What you will do => Pictures must be kept out of the copy. Every entry is to be duplicated exactly.

(Recorded data)
== Segment start ==
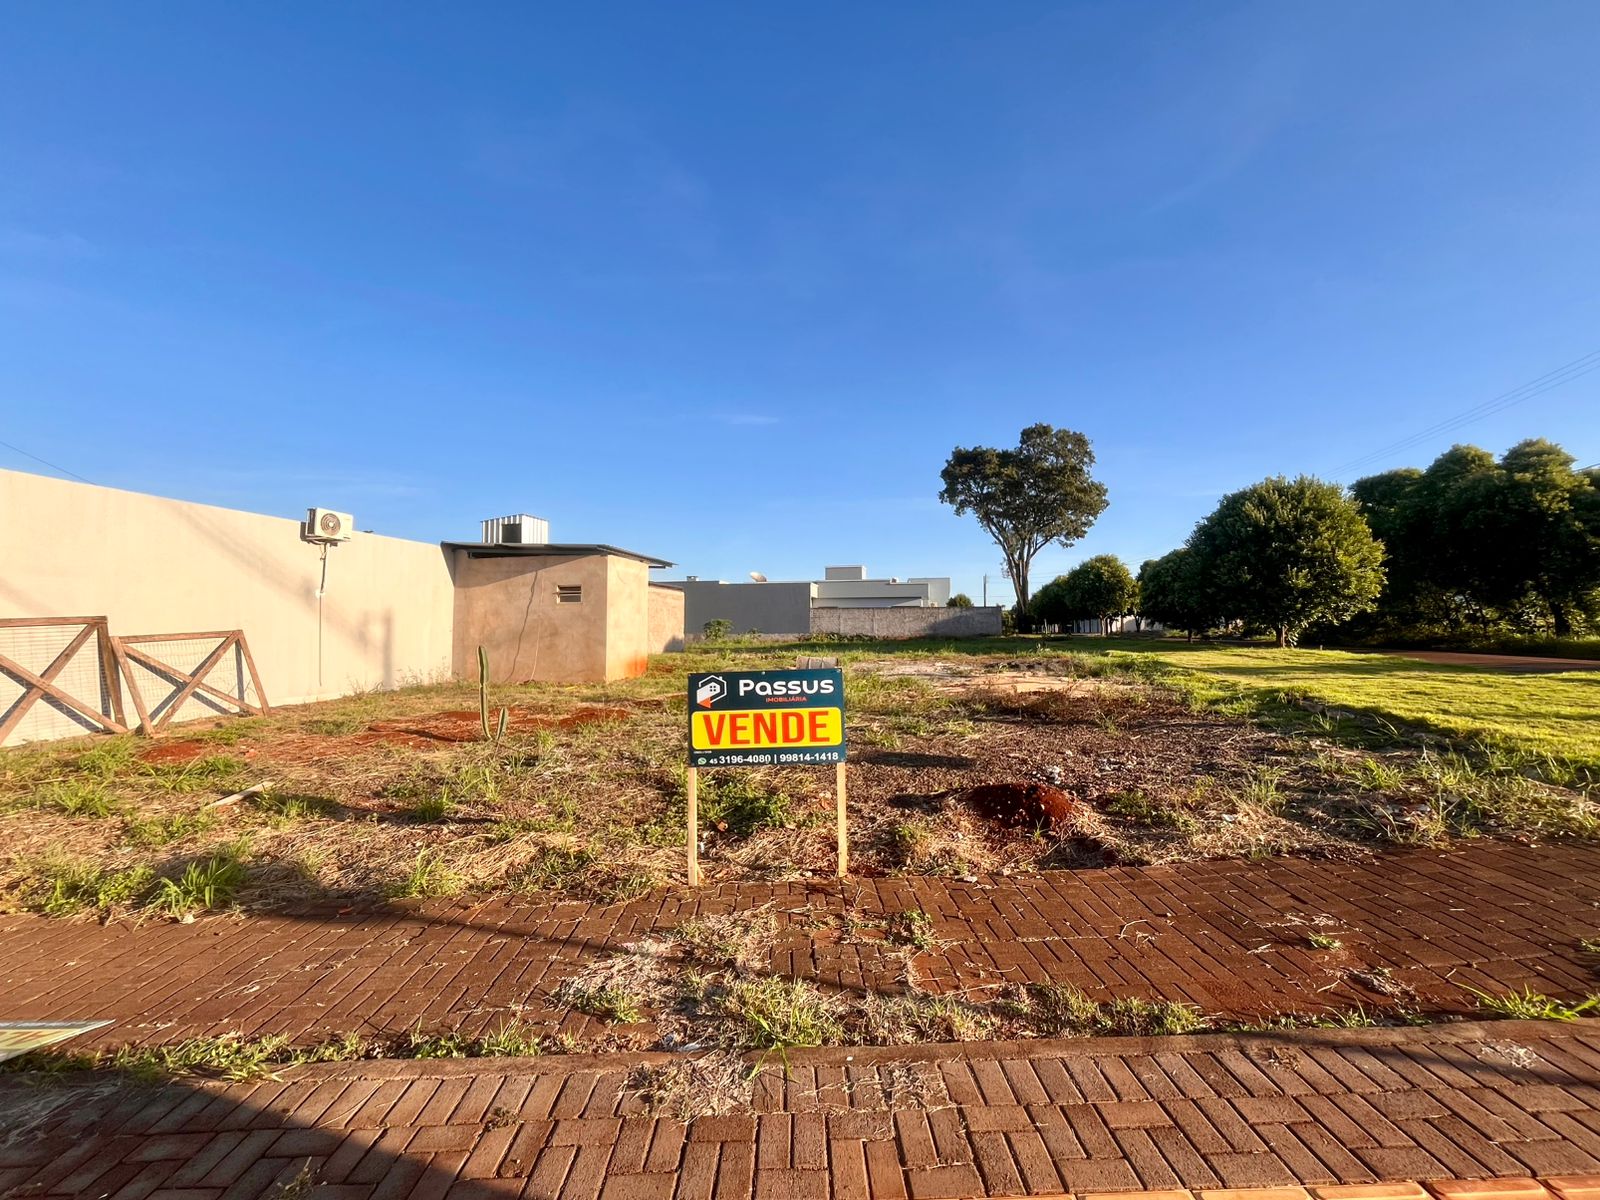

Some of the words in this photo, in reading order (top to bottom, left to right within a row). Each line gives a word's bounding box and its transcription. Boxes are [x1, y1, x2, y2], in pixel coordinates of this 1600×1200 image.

[739, 679, 834, 696] Passus
[702, 711, 830, 745] VENDE
[719, 754, 771, 764] 3196-4080
[779, 752, 839, 763] 99814-1418
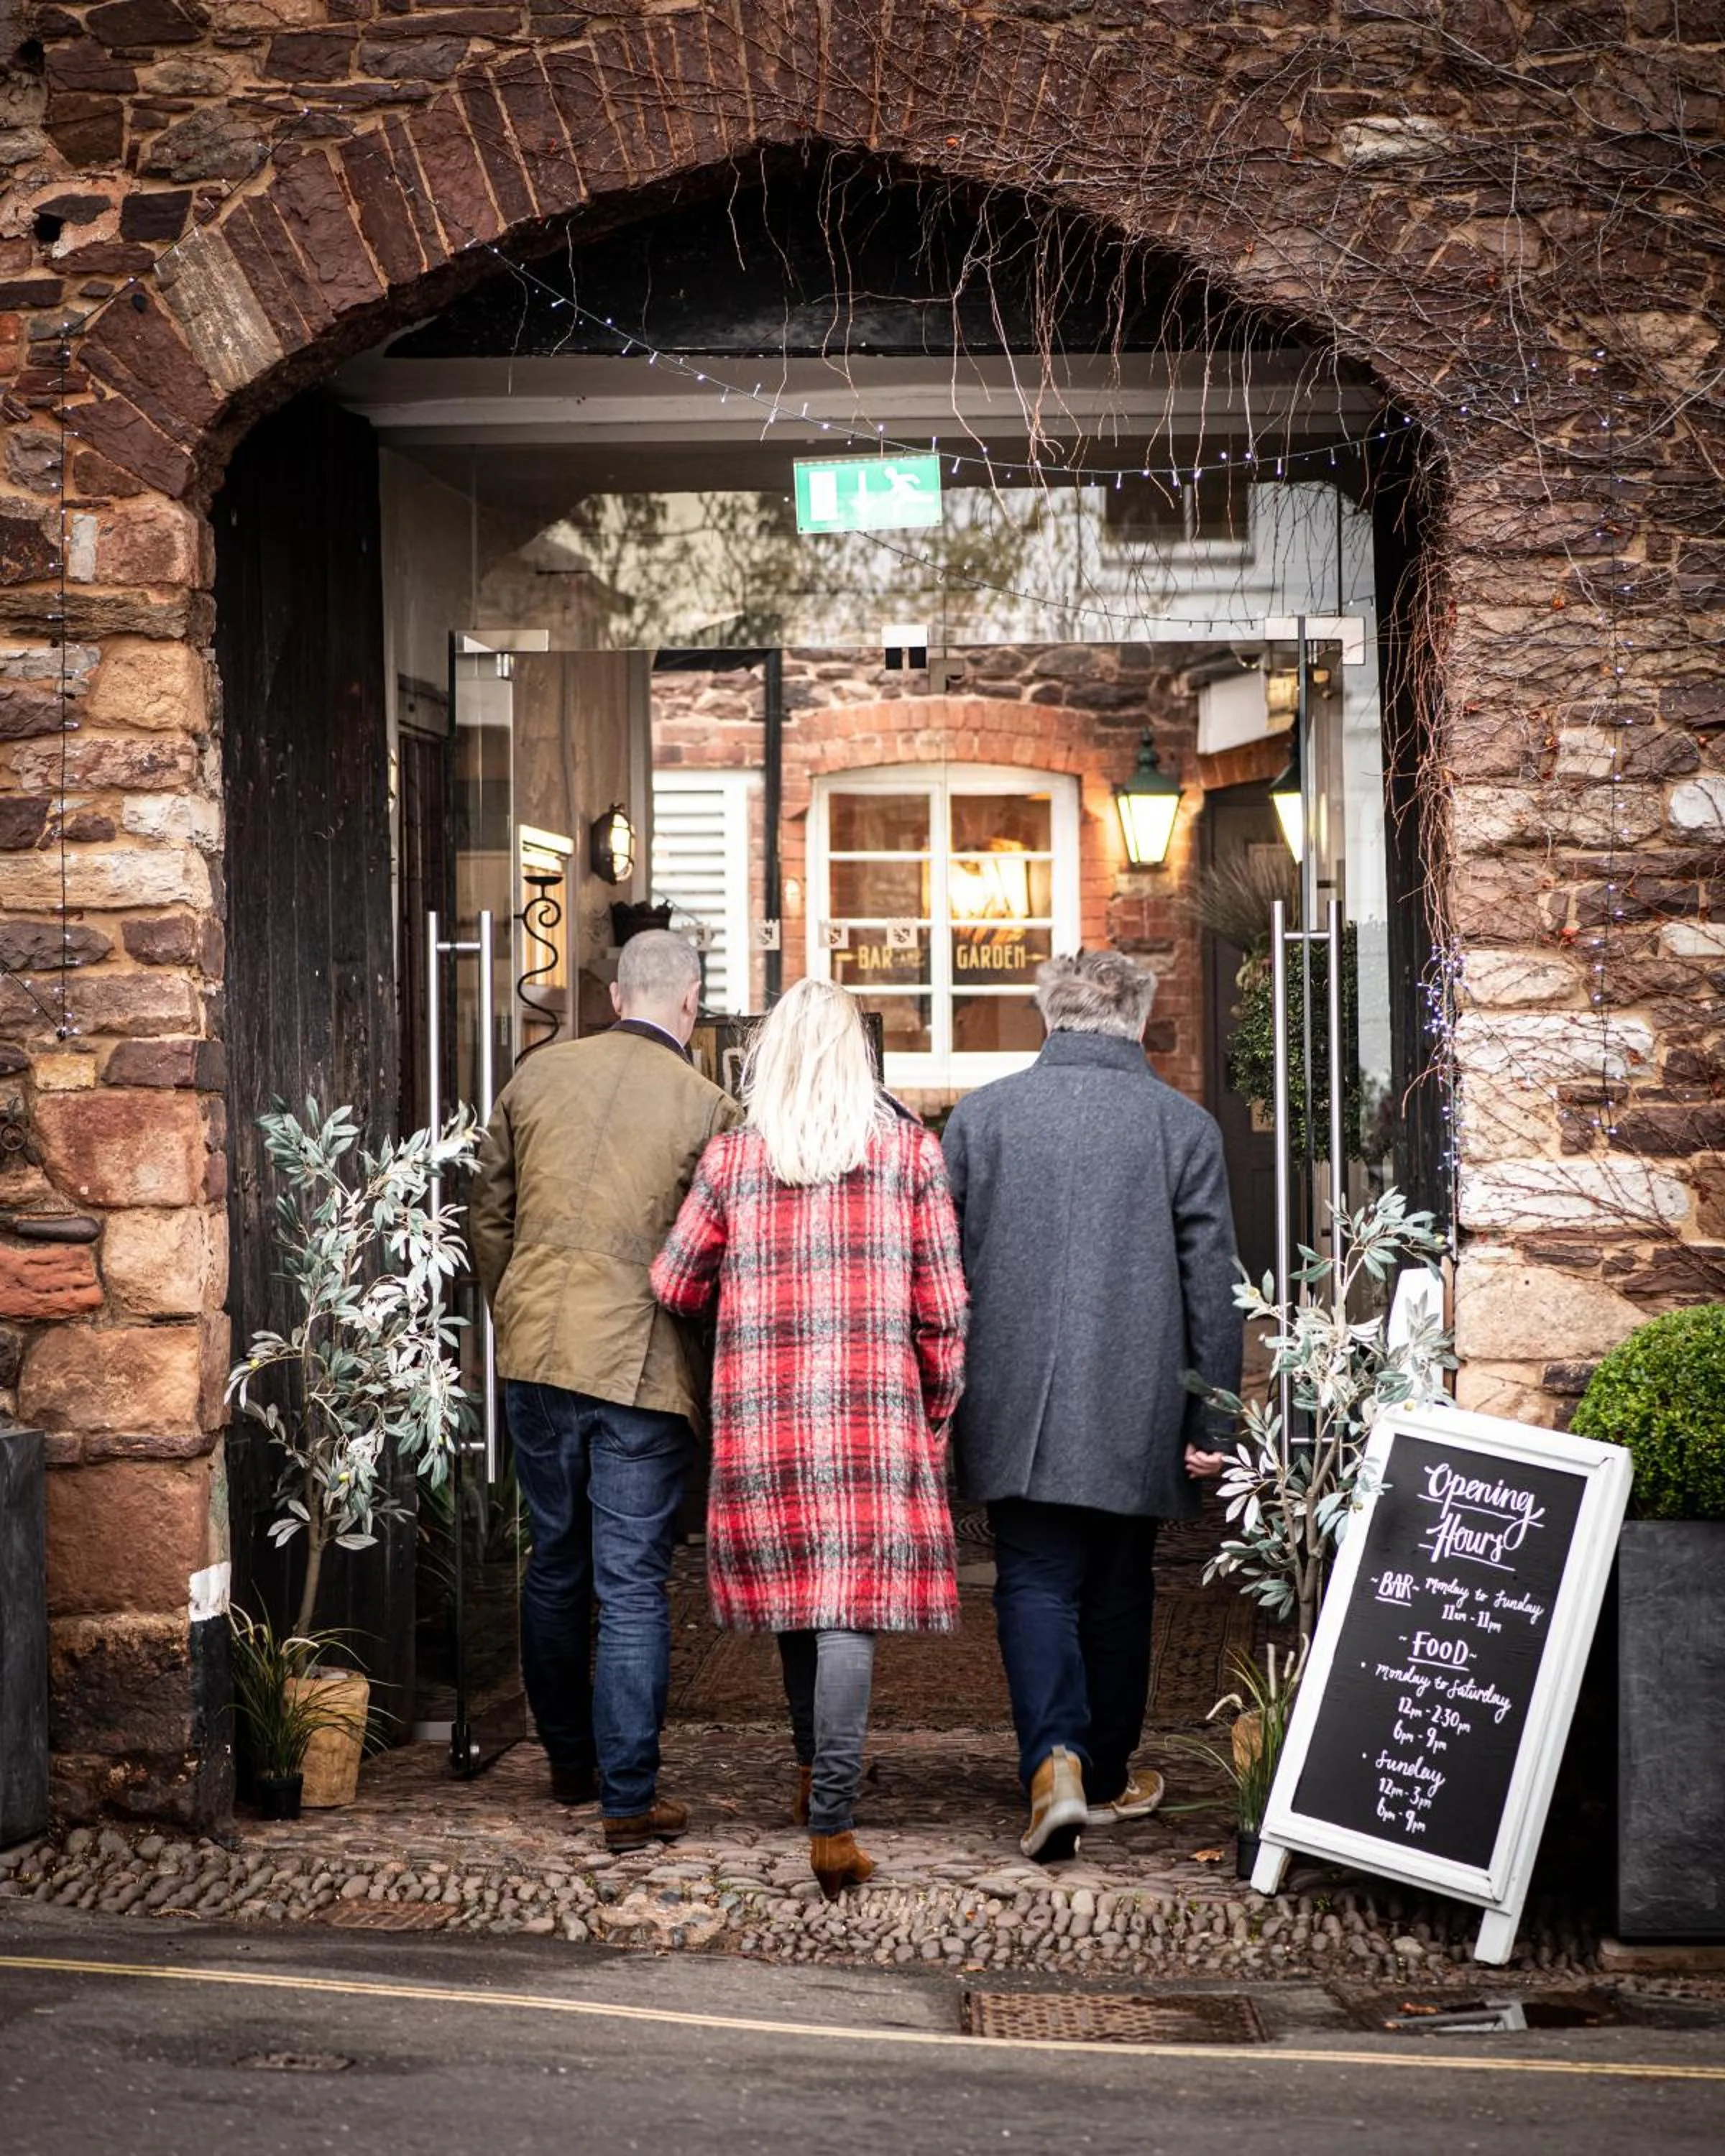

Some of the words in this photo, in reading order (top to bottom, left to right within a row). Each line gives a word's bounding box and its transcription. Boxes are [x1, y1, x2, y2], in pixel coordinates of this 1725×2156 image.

[857, 944, 893, 969] BAR
[957, 943, 1026, 969] GARDEN
[1425, 1463, 1545, 1550] Opening
[1426, 1513, 1504, 1562] Hours
[1378, 1571, 1414, 1599] BAR
[1475, 1588, 1488, 1602] to
[1494, 1590, 1545, 1625] Sunday
[1412, 1631, 1468, 1664] FOOD
[1434, 1676, 1449, 1690] to
[1447, 1678, 1512, 1724] Saturday
[1375, 1749, 1446, 1798] Sunday
== Segment end ==
Worked solution =>
Some of the words in this photo, in reading order (top to bottom, left to right within a row). Each line gives a word's bounding box and its transcription. Boxes are [x1, y1, x2, y2], in pixel coordinates of this 1600×1200 image.

[739, 679, 834, 696] Passus
[702, 711, 830, 745] VENDE
[719, 754, 771, 764] 3196-4080
[779, 752, 839, 763] 99814-1418

Some of the words in this photo, in reading order (top to bottom, left to right within a row). Each line gives a word's bounding box and its transcription. Boxes are [x1, y1, x2, y2], in pixel coordinates of this 1725×2156 image.

[857, 944, 893, 969] BAR
[957, 943, 1026, 969] GARDEN
[1425, 1463, 1545, 1550] Opening
[1426, 1513, 1504, 1562] Hours
[1378, 1571, 1414, 1599] BAR
[1475, 1588, 1488, 1602] to
[1494, 1590, 1545, 1625] Sunday
[1412, 1631, 1468, 1664] FOOD
[1434, 1676, 1449, 1690] to
[1447, 1678, 1512, 1724] Saturday
[1375, 1749, 1446, 1798] Sunday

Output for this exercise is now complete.